In uncertain times, numbers can often provide the sense of fact, and for some, even truth. They don’t appear as ambiguous and fluid as words. California has, at least for the time being, shattered that illusion. Has the curve flattened in California? Is the virus receding? The answer is . . . Maybe.
Unlike numbers, people make a difference. As Lydia reports, collective action by locals involved in their communities, with the support of professionals and officials, has been, and will be, one of the most concrete ways to slow transmission throughout the city. Hats off to the folks in Sunnydale and the Latino Task Force. They deserve our support.
HiGeorge, a data visualization startup, developed some new visualizations for Mission Local, which we will be using and fine-tuning in the days to come.
Fourteen cases were added to Mission for an overall total of 994.
If you haven’t read Joe’s article on the California numbers, you should be aware that these numbers, including our Bay Area numbers, especially the “new case” figures are probably low. How low? Who knows? BTW, San Francisco does not use the state reporting system so we don’t have that problem.

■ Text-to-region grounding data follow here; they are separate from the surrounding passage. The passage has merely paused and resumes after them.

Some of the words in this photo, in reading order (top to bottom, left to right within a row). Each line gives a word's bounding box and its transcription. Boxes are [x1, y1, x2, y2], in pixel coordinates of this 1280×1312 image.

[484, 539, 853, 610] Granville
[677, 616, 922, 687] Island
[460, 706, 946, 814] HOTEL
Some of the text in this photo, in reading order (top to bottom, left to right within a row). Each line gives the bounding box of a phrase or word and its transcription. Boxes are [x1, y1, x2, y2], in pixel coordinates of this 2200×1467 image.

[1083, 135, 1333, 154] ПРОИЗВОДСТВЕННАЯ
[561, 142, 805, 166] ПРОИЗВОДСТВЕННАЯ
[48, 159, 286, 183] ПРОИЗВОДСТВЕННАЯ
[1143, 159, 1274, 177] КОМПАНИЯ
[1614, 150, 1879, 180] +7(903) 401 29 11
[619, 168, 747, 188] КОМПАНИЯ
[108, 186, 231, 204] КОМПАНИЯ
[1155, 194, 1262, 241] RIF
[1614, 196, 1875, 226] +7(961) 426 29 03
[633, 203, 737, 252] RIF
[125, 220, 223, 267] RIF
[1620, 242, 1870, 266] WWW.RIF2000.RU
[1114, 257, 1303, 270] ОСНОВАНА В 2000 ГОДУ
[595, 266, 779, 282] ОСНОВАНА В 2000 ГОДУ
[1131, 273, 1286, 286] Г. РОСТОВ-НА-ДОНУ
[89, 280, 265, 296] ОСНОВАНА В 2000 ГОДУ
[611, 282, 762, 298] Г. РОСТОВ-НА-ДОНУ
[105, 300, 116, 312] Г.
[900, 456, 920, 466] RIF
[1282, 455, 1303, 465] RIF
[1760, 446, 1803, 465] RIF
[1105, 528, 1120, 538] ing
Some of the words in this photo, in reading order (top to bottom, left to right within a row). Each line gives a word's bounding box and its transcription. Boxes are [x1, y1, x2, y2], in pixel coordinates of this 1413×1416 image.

On July 29, the seven-day average of daily new cases was 91 or 10.4 per 100,000 residents. The DPH goal is 1.8 new daily cases per 100,00 residents.
Again, the delays involved with obtaining test results oblige us to backtrack a week to get a reliable figure. The seven day average for tests coming back positive on July 29was 3.85 percent. The positivity rate has been holding steady, just below 4 percent for the past few days. The average, since March, has been 3 percent.
Availability data is still not available. Today’s report shows 32 COVID confirmed and suspected patients in ICU and 74 in Acute Care. Both represent modest drops. The good news, if true, the rate of weekly change in Covid positive patients, for the week ending 8/3 has decreased by 9 percent. The DPH goal is an increase of no more than 10 percent.
The R number has remained steady; a reliable indicator that, despite claims by Dark Ages Donald, the virus will not be disappearing any time soon.
Of the 62 deaths, 56 had one or more underlying health conditions, and 4 were unknown.
The Chron has an interesting, and inconclusive, article on the low case numbers in Chinatown, which has the second-lowest numbers in the City after Seacliff. There have been no articles explaining Seacliff’s success.
Thank you for your continued thorough reporting on this. It is greatly appreciated.